Biochemists are looking for molecules that can capture the free radicals and postpone ageing. Their first choice is to use naturally available antioxidants like vitamins C. The late Nobel laureate Linus Pauling recommended a regular intake of 18 grams of vitamin C every day for a long and healthy life. Synthetic drug molecules such as deprenyl are also being explored for antioxidant properties. There are other chemicals like phenyl butyl nytrone or PNB which can capture free radicals and arrest their reactivity.Human trails on PNB are being planned and scientists claim it may be available for treatment ijn a few year.
HEALTHY AGEING
Food, nutrition and environment play a major role in the process of ageing, according to most scientists at an recent international symposium on gerontology in New Delhi. Fresh vegetables, fruits, nuts and cereals provide sufficient vitamins to overcome the free radicals while certain fatty foods and deep fried meat can serve as breeding grounds for free radicals. Smoking and environmental pollutants can help generate free radicals.
Physical exercise has also emerged as imperative for going down smiling. Studies conducted by a Stanford University team led by James Fries suggest that jogging and regular aerobic exercises help keep a person physically fit in the later years of life. Similarly, the mental faculties of physically active oldsters tend to be sharper than in sedentary members of the same age group, according to a report published in January this year by C Cotman and his colleagues at the University of California.
Another promise for extended youth, although clouded in controversy, is growth hormones -- biochemicals secreted naturally by pituitary glands. According to Daniel Rudman, a US researcher on human growth hormones at the Veterans' Affairs Medical Center in Milwaukee, Wisconsin, people between 60 and 90 go through a phase called somatopause, after which growth hormones tail off dramatically, similar to the menopause. After somatopause, the lean body mass reduces while fat mass increases. This finding convinced Rudman to treat elderly people with growth hormones, and in 1990, he demonstrated an increase in lean tissue and reduction of fat in 21 healthy men aged over 60.
EQUIPPED TO KILL
Subsequently, in 1993, a Swedish team led by Bengtake Bengtsson at the University of Gothenburg reported that growth hormone-deficient adults who were treated with the hormone lost 30 per cent of their abdominal fat but only 13 per cent of peripheral fat. Douglas Crist, a physiologist at the University of New Mexico showed that the anatomies of people armed with the hormone are better equipped to kill cancer cells.
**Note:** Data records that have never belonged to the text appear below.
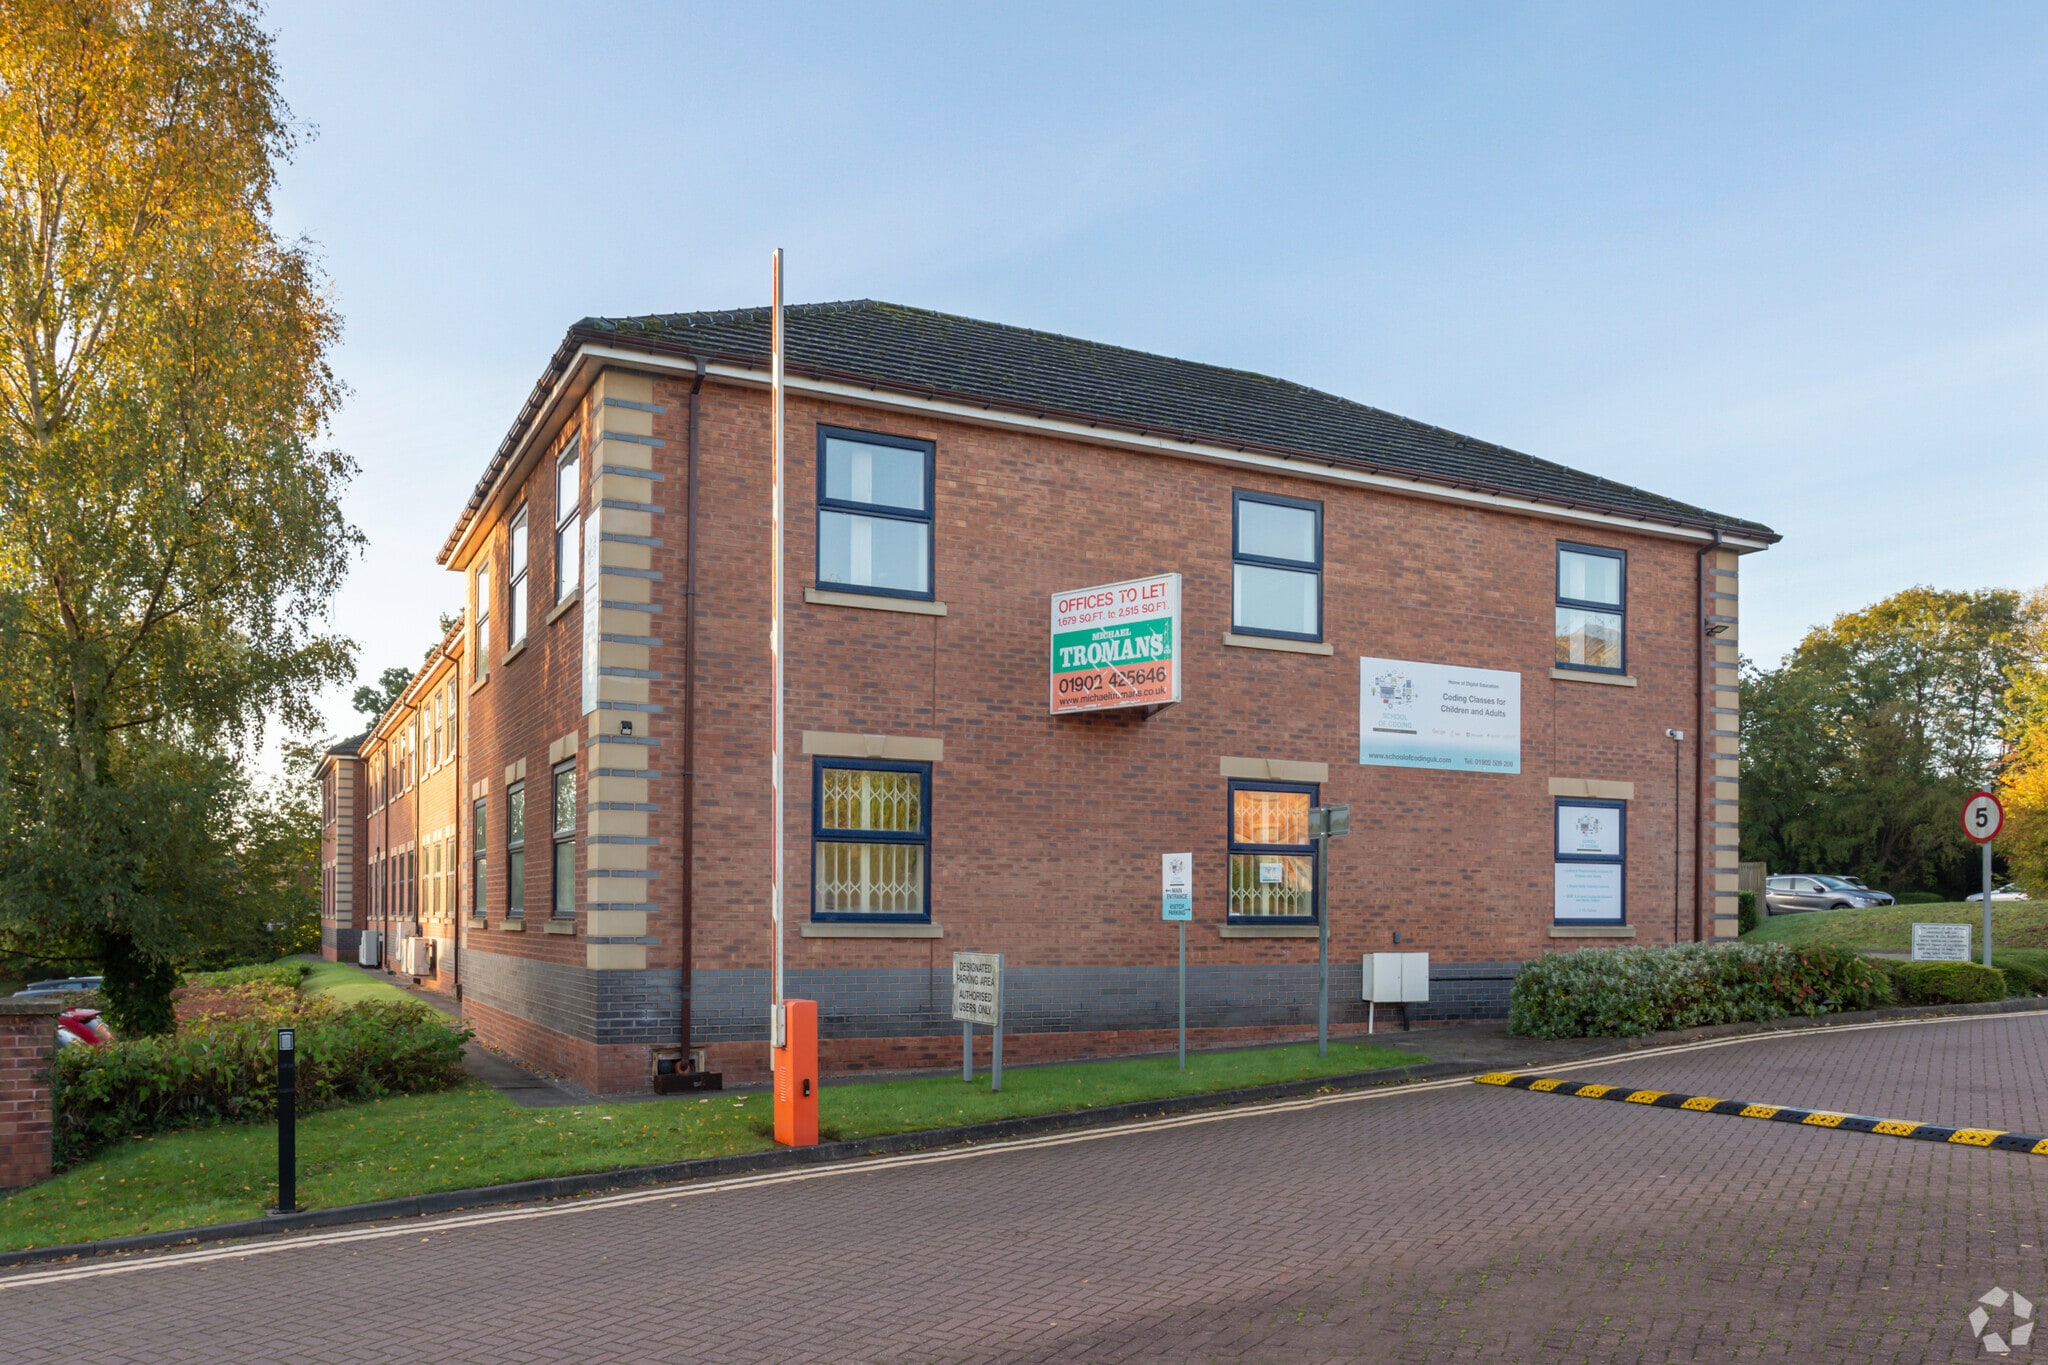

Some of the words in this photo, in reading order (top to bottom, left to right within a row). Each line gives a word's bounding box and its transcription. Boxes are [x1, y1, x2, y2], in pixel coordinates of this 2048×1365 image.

[1059, 592, 1113, 614] OFFICES
[1119, 588, 1137, 603] TO
[1142, 583, 1166, 599] LET
[1058, 616, 1076, 627] 1,679
[1108, 610, 1116, 619] to
[1119, 606, 1139, 617] 2,515
[1092, 628, 1131, 641] MICHAEL
[1060, 633, 1164, 668] TROMANS
[1059, 674, 1102, 694] 01902
[1108, 666, 1166, 687] 425646
[1059, 686, 1166, 705] www.michaeltromans.co.uk
[1443, 693, 1467, 704] Coding
[1469, 695, 1495, 705] Classes
[1496, 698, 1506, 706] for
[1440, 705, 1469, 715] Children
[1471, 708, 1484, 716] and
[1485, 709, 1506, 718] Adults
[1976, 807, 1988, 827] 5
[959, 962, 992, 973] DESIGNATED
[957, 974, 978, 985] PARKING
[980, 976, 994, 987] AREA
[959, 990, 992, 1003] AUTHORISED
[959, 1002, 976, 1013] USERS
[978, 1004, 992, 1015] ONLY
Another anti-ageing pill which hit the news in January this year is dihydro-epi-androsterone (DHEA). A hormone secreted in large quantities by the adrenal glands at about 20 years of age, DHEA declines rapidly in over time. Samuel Yen at the University of California at San Diego found a correlation between low DHEA levels and death from cardiovascular diseases. The results of 2 separate trials on volunteers, conducted by Yen and French scientist Emile Baulieu, indicate potential applications of DHEA as an anti-ageing pill. But scepticism runs free at the National Institutes of Health and other medical centres in the US.
Rudman has already reported several side-effects of growth hormones: abnormal rise of blood sugar, enlargement of breasts and increased pressure on the nerves. Says Rudman, "We need many years to establish this treatment to be safe, logical and effective."
Other researchers are even more pessimistic. According to Marc Blackman, who heads gerontology at the Francis Scott Medical Center in Baltimore, big claims about growth hormones are yet to be substantiated. Andrew Hoffman at the Veterans' Affairs Medical Center at Palo Alto in California asks, "Does it make sense to give such a powerful hormone to people who are basically healthy unless the benefits are shown to outweigh the risks?"
A legal anti-ageing therapy seems nowhere near, since these issues need to be addressed before commercial exploitation of any new finding. "The uncritical adoption of the most recent therapies for elderly patients might sometimes do more harm than good," said British physician Q F W James at the World Gerontology Congress held in Budapest in July 1994. The congress placed greater emphasis on quality of life for the elderly rather than its duration. "It would yield benefits to society as the old population represents enormous intellectual potential," said Edit Beregi, president of the Congress.
Studies conducted worldwide indicate that retirement and loss of income and status lead to stress and frustration. Says P V Ramamurti, head of the Centre for Research on Ageing at Sree Venkateshwara University, Tirupati, "More than 2/3rds of elderly people in India are poor, and India cannot afford state care. Only income generation schemes could make them contribute their knowledge meaningfully. Family ties should be strengthened to alleviate feelings of loneliness."
It is many years still to paradise.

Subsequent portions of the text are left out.